Do Read This__An Honest Poem By Mandisa Dlamini
I honestly don't know if this is an open letter to the lady's ex or its her way of finding some closure but trust me, when I read it I felt my heart pulse faster than usual..I'm not sharing it for the sake of her exposure but for you guys to see that poetry isn't about metaphors and similes but its about pouring your heart out,crying on the page.
PLEASE READ IT AND DO SHARE!!
I haven't had the chance...
To sit down...
And write it all out....
To write every piece and bit of your memory
Out of my life...
Out of my head...
No! Out of my system....
All the anguish,
The pain,
The hurt you had me going through...
I have had it bottled up inside me for far too long...
Well...Today I give myself a chance
to pour it out in words down on this paper...
Sadly... I never got the chance to say it all on your face....
Today!
I'm letting it all out....
You wanna know about pain?

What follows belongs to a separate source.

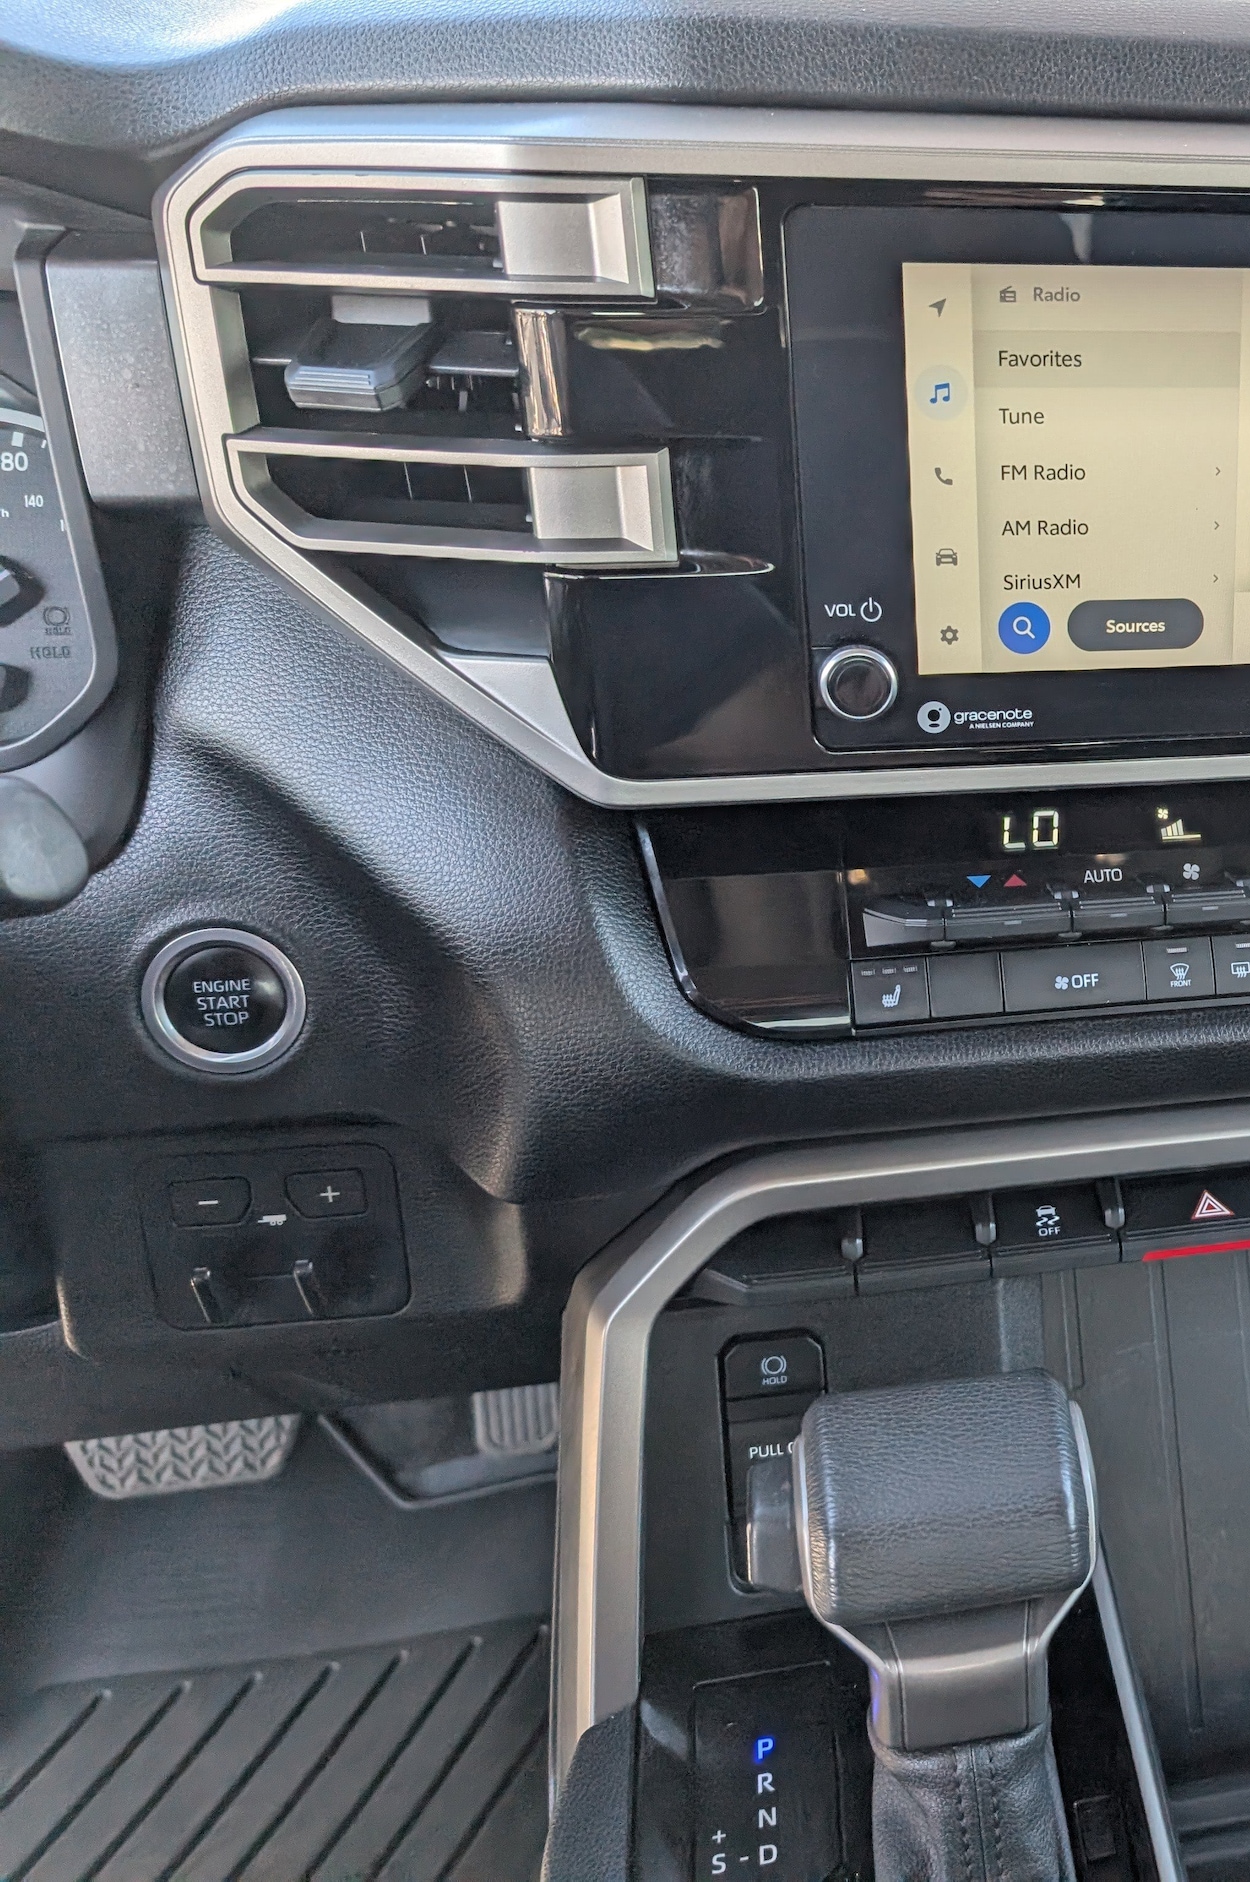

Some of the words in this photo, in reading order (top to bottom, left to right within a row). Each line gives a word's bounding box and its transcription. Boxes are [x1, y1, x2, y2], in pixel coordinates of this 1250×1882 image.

Pain was when you sliced my loving heart into a million pieces
With something as meaningless as Actions... later you ruthlessly trampled on the pieces....

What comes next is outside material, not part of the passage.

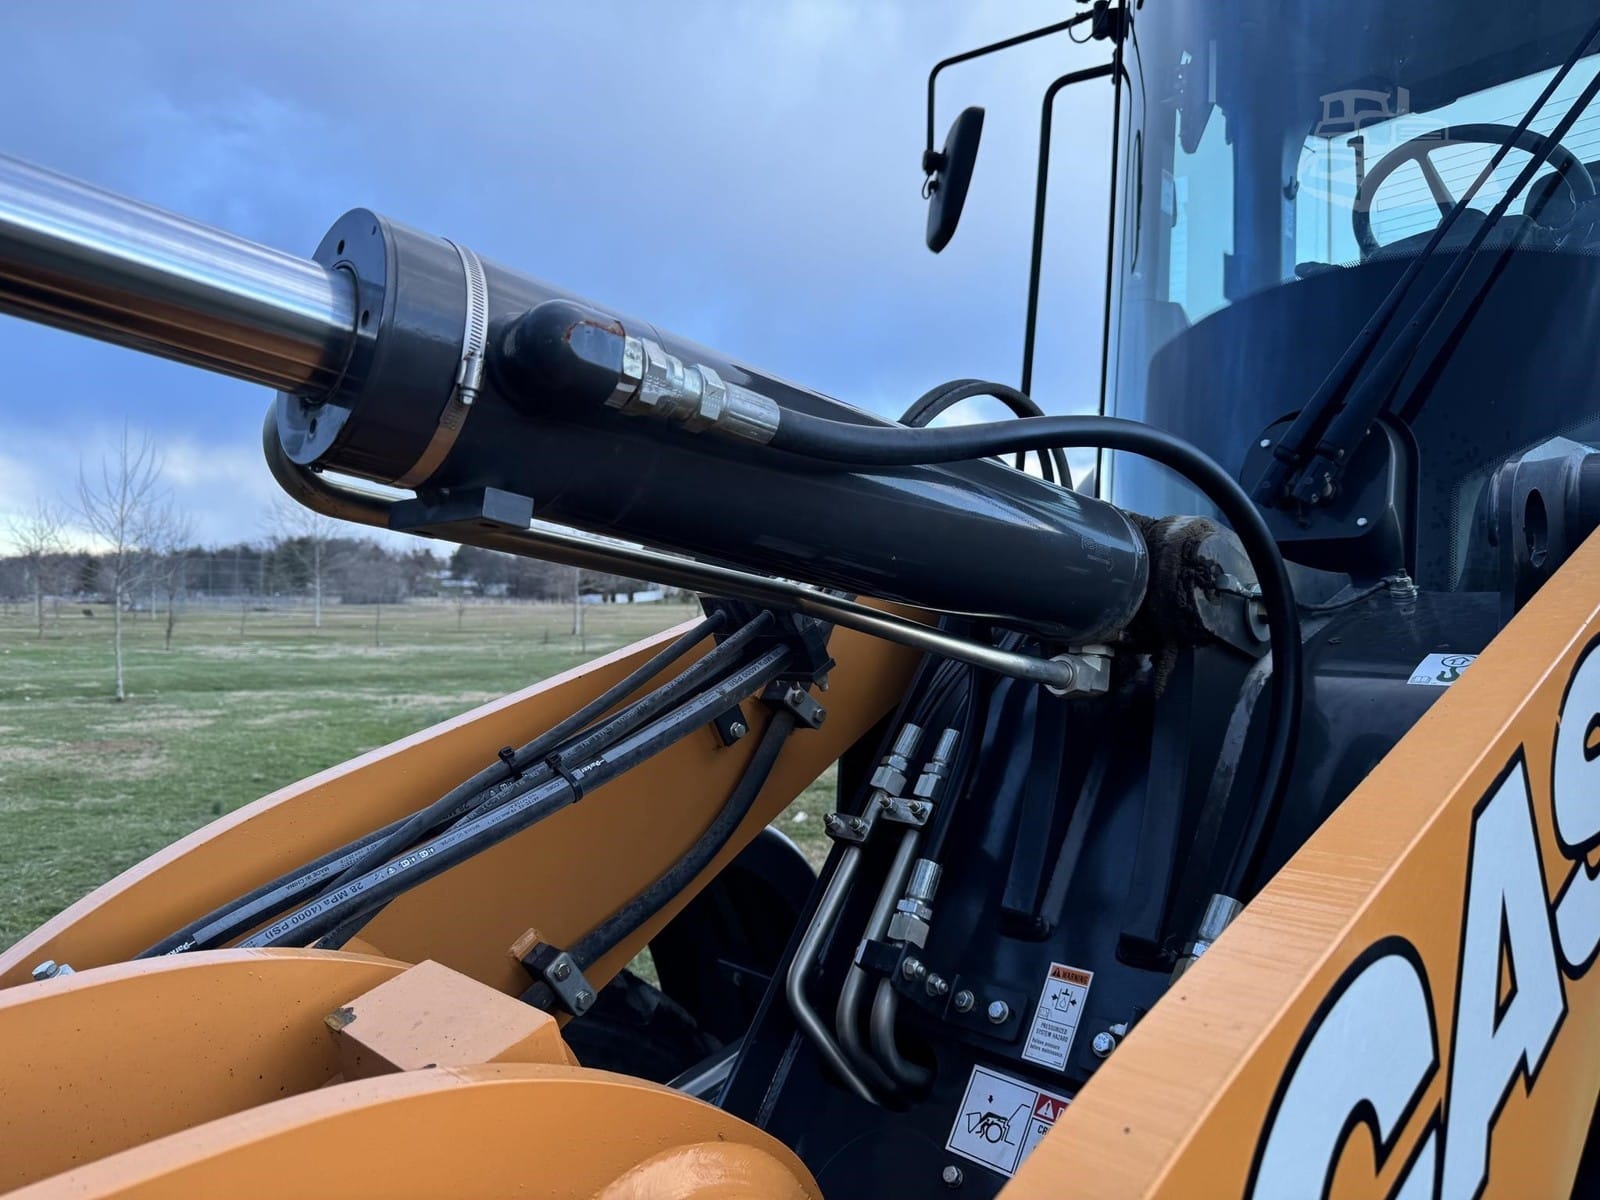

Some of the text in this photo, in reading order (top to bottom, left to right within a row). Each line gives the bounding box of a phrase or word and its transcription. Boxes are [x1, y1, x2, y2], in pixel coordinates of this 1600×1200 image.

[264, 882, 364, 940] 28 MPa (4000 PSI)
[1062, 970, 1089, 986] WARNING

I still ask myself everyday at 2AM...
Yes 2AM! The same time you used to wake me up with calls, just to tell me that I'm always on your mind...
Its funny how...
Now...at 2AM, I'm the one wakes
and picture you laying next to another woman...
I hope you tell her that 2 AM, was once specially reserved to call some girl...that you rather forgot too soon....
How do you lay peacefully at night?
With your heart at peace?
With your sanity still as stable?
When... Of fact you,you! You complicated my entire life...
When you left, you left with my all....
I gave you everything....
My life....
With my life, I mean...
The beat of my heart...
The sparkles in my beautiful eyes...
The smile on my face....
Most of all...
My Joy....
I cursed you!
With every chance I got...
I spoke badly of your name,
I wished you all the bad life could offer one...
You deserved it...
I saw you the other day...
With your new girl...
She was walking on your left hand side...
It popped up in my head...
You once said " if you ever see me roaming around the streets, with a girl walking on my left hand side...get angry! Only a special woman in my life, is entitled to walk on my left"
Tears filled up my eyes....
She was pacing on your left...
I always thought I'd be the only girl who would stick by your left, for a long time...
It had me breathing twice in a second to see you and her....
Holding hands!?
I thought...
I used to hold the same hands...
I wanted to run straight at you...
And remind you how special I was to you...
Who I was to you...
How you adorned my life once,
With your rare presence in my life....
Why? Is everything this way?
How? Did everything turn out this way?
When? Did all this begin?
I wanted to remove her hands off yours, which looked tightly latched onto yours from a distance!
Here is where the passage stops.